Powerlessness and the power-to-be-oneself
Why do the various features of experiences of powerlessness manifest as experiences of powerlessness, specifically? To begin to answer this question we can ask what we mean by ‘power’. If we have a sense of what power is, we should be able to get a better idea of why those features we have described above manifest as a loss of power. Amy Allen (1998) articulates a distinction between various senses of power, which we can borrow to get a better grasp of the concept. We use the word ‘power’ in different ways. For instance, we can say that a person has it within her power to do something. We can also say that a person has power over another. What is the difference between these senses of power? In sketching out what it means for someone to have power over something, Allen makes use of Robert Dahl’s definition: “A has power over B to the extent that he can get B to do something that B would not otherwise do”. You would not be exercising power over me by telling me to administer your medication if I would have done so anyway. But if I would not have administered the medication without your intervention, then your intervention would be an exercise of power over me. Thus where one person has power over another, the former must be able to make the latter do something he would not otherwise do.

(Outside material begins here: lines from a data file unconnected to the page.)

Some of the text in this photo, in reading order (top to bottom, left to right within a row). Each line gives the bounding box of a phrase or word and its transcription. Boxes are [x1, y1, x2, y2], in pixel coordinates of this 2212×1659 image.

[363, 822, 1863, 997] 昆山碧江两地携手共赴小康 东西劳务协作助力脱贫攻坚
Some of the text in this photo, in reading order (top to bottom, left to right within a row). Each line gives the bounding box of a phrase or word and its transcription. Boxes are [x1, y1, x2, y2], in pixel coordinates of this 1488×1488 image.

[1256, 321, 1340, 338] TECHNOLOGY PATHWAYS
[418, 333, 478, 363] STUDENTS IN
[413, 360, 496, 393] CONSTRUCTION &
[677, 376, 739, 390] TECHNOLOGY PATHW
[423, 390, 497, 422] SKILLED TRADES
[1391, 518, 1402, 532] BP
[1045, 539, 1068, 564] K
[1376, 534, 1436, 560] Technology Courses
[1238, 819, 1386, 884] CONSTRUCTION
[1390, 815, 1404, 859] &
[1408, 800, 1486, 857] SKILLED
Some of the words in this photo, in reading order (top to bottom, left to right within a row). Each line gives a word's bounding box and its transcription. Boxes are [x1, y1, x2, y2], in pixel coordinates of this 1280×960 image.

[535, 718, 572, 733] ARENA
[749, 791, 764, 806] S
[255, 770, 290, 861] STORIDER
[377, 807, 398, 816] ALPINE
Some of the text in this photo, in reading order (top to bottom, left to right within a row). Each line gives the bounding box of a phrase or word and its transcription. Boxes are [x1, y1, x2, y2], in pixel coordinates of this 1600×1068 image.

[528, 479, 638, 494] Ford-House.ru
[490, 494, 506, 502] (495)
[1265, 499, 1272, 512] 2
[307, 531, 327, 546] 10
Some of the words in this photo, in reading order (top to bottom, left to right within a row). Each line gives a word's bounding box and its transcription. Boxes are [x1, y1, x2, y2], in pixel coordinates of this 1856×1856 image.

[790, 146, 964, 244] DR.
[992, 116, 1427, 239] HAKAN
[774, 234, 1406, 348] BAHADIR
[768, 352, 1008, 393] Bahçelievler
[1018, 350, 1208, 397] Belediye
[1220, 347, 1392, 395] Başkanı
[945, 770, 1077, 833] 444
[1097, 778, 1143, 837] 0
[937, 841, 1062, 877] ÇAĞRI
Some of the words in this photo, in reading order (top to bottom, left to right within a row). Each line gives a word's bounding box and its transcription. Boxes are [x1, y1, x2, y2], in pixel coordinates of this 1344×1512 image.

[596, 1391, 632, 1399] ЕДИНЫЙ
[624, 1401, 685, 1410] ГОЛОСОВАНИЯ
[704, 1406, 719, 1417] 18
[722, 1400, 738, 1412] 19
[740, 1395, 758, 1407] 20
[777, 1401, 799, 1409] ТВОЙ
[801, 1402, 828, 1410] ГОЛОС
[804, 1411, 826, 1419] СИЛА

In contrast to power-over, Allen defines power-to as ‘the ability of an individual actor to attain an end or series of ends’ (Allen, 34). That is to say, insofar as a person has a goal (an ‘end’, to use Allen’s term) and is able to reach that goal then she has power-to. For example, you might have the power to make a cup of coffee, go for a run, or take your pills. Unlike power-over, in having the power to do something one need not have the power to force anyone to do anything at all. For instance, I have the power to close my eyes. But I need not be exercising power over anyone in acting in this way.
Using Allen’s analysis, we can identify two aspects in which individuals may lack power. Individuals may lack the power to do something within their environments. For instance, a person may lack the power to administer her own medication. She may also lack power over some aspects of her environment. For instance, she may lack sufficient power over her healthcare providers to make them pay attention to her. A person may also lack power in both senses. For instance, she might lack the power to administer her own medication while lacking sufficient power over the service providers to make them administer the medication for her.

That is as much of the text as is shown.